A few moments later, Ariana Nasbro appeared. Wendy had not seen her in seven years, since the trial for vehicular manslaughter. Ariana had looked scared then, pitiful, her shoulders hunched, her hair a wild mousy brown, her eyes blinking as though she expected to be smacked unawares.

This woman, the postprison Ariana Nasbro, was different. Her hair was short and white. She stood straight and still and met Wendy’s eye. She stuck out her hand and said, “Thank you for coming, Wendy.”

Wendy ignored the outstretched hand. “I didn’t come for you.”

Ariana tried a smile. “Would you like to take a walk?”

“No, Ariana, I don’t want to take a walk. In your letters—the first two I ignored but I guess you can’t take a hint—you asked me how you could make amends.”


“So I’m here to tell you: Don’t send me your self-involved AA nonsense. I don’t care. I don’t want to forgive you so you can heal or recover or whatever the hell you call it. I have no interest in your getting better. This isn’t the first time you’ve tried AA, is it?”

“No,” Ariana Nasbro said, her head held high, “it’s not.”

“You tried it twice before you murdered my husband, isn’t that right?”

“That’s correct,” she said in too calm a voice.

“Have you reached Step Eight before?”

“I have. But this time it’s different because—”

Wendy stopped her with a raised hand. “I don’t care. The fact that this time it might be different means nothing to me. I don’t care about you or your recovery or about Step Eight, but if you truly want to make amends, I suggest you walk outside, wait by the curb, and throw yourself under the first passing bus. I know that sounds harsh, but if you had done that the last time you reached Step Eight—if whatever wronged person you sent this same me-me-me crap to had told you to do that instead of forgiving you—maybe, just maybe, you would have listened and you’d be dead and my John would be alive. I would have a husband and Charlie would have a father. That’s what matters. Not you. Not your six-months-sober party at AA. Not your spiritual journey to sobriety. So if you truly want to make amends, Ariana, stop putting yourself first for once. Are you cured—totally cured, absolutely one hundred percent positive you’ll never drink again?”

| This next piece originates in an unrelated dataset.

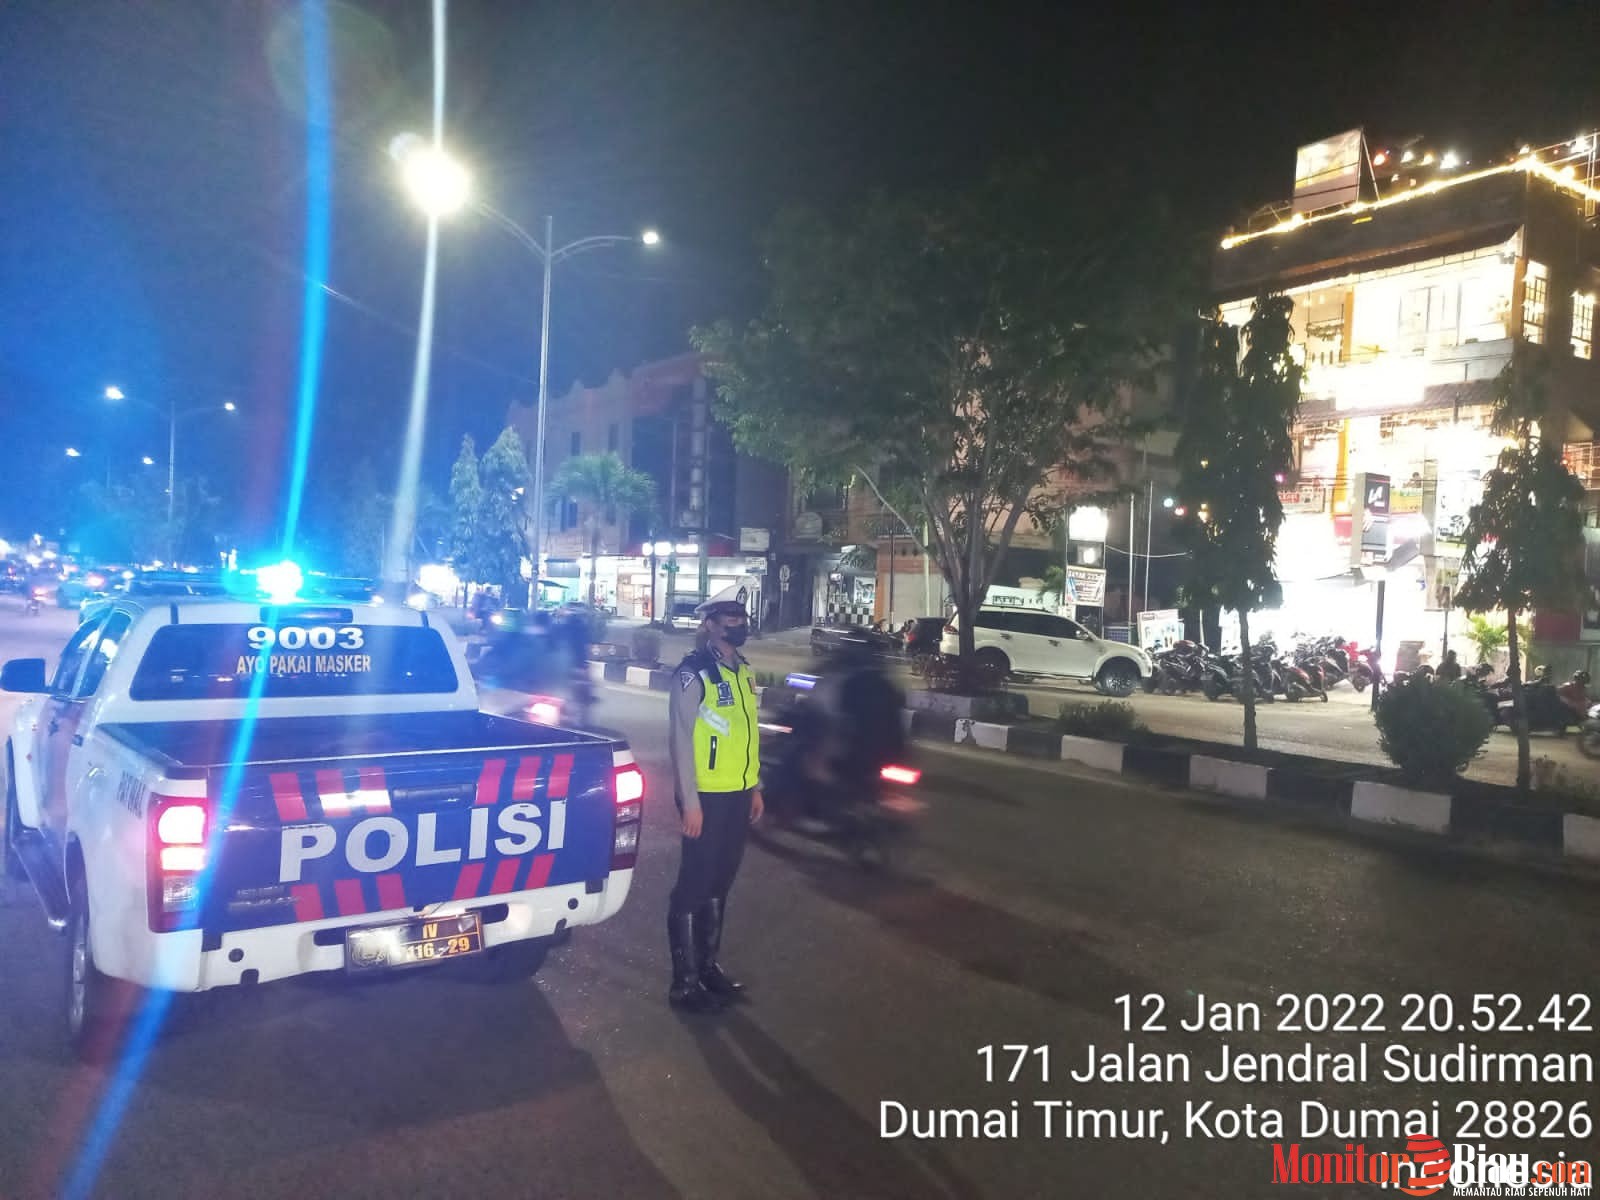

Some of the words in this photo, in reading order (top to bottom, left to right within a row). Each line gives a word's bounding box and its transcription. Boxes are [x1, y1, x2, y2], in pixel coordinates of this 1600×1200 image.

“You’re never cured,” Ariana said.

“Right, more of that AA nonsense. We really don’t know about tomorrow, do we? So that’s how you should make amends. Stop writing letters, stop talking about yourself in group, stop taking it a day at a time. Instead, do the one thing that will guarantee you’ll never murder another child’s father: Wait for that bus and step right in front of it. Other than that, leave me and my son the hell alone. We will never forgive you. Not ever. And how selfish and monstrous of you to think we should so you, of all people, can heal.”

With that, Wendy turned around, headed back to her car, and started it up.

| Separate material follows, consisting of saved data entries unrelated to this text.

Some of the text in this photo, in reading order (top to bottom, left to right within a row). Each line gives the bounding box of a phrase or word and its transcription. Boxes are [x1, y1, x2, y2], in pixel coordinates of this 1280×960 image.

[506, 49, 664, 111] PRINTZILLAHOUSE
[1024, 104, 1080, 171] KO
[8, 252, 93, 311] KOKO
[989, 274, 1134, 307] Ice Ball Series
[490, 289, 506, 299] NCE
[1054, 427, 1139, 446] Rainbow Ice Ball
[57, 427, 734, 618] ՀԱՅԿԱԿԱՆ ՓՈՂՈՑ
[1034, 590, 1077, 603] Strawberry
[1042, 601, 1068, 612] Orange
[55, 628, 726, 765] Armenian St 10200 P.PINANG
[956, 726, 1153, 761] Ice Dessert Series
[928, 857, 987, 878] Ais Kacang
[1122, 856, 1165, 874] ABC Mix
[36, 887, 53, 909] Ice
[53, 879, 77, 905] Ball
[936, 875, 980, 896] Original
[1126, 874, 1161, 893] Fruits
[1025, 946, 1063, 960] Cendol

She was done with Ariana Nasbro. Now it was time to see Dan Mercer.


MARCIA MCWAID SAT ON THE COUCH next to Ted. Across from them was Frank Tremont, an Essex County investigator there to deliver their weekly briefing on the case of her missing daughter. Marcia already knew what he would say.

Frank Tremont wore a suit of chipmunk brown and a threadbare tie that looked like it had spent the past four months crinkled in a tight ball. He was in his sixties, near retirement, and had that seen-it-all, world-weary aura that you find in anyone who has been at the same job too long. When Marcia had first asked around, she’d heard rumors that Frank might be past his prime, might be coasting through his last few months on the job.

But Marcia never saw any of that, and at least Tremont was still here, still visiting them, still in touch. There used to be others with him, federal agents and experts in missing persons and assorted members of law enforcement. Their numbers had dwindled over the last ninety-four days until it was just this lone, aging cop with the horrible suit.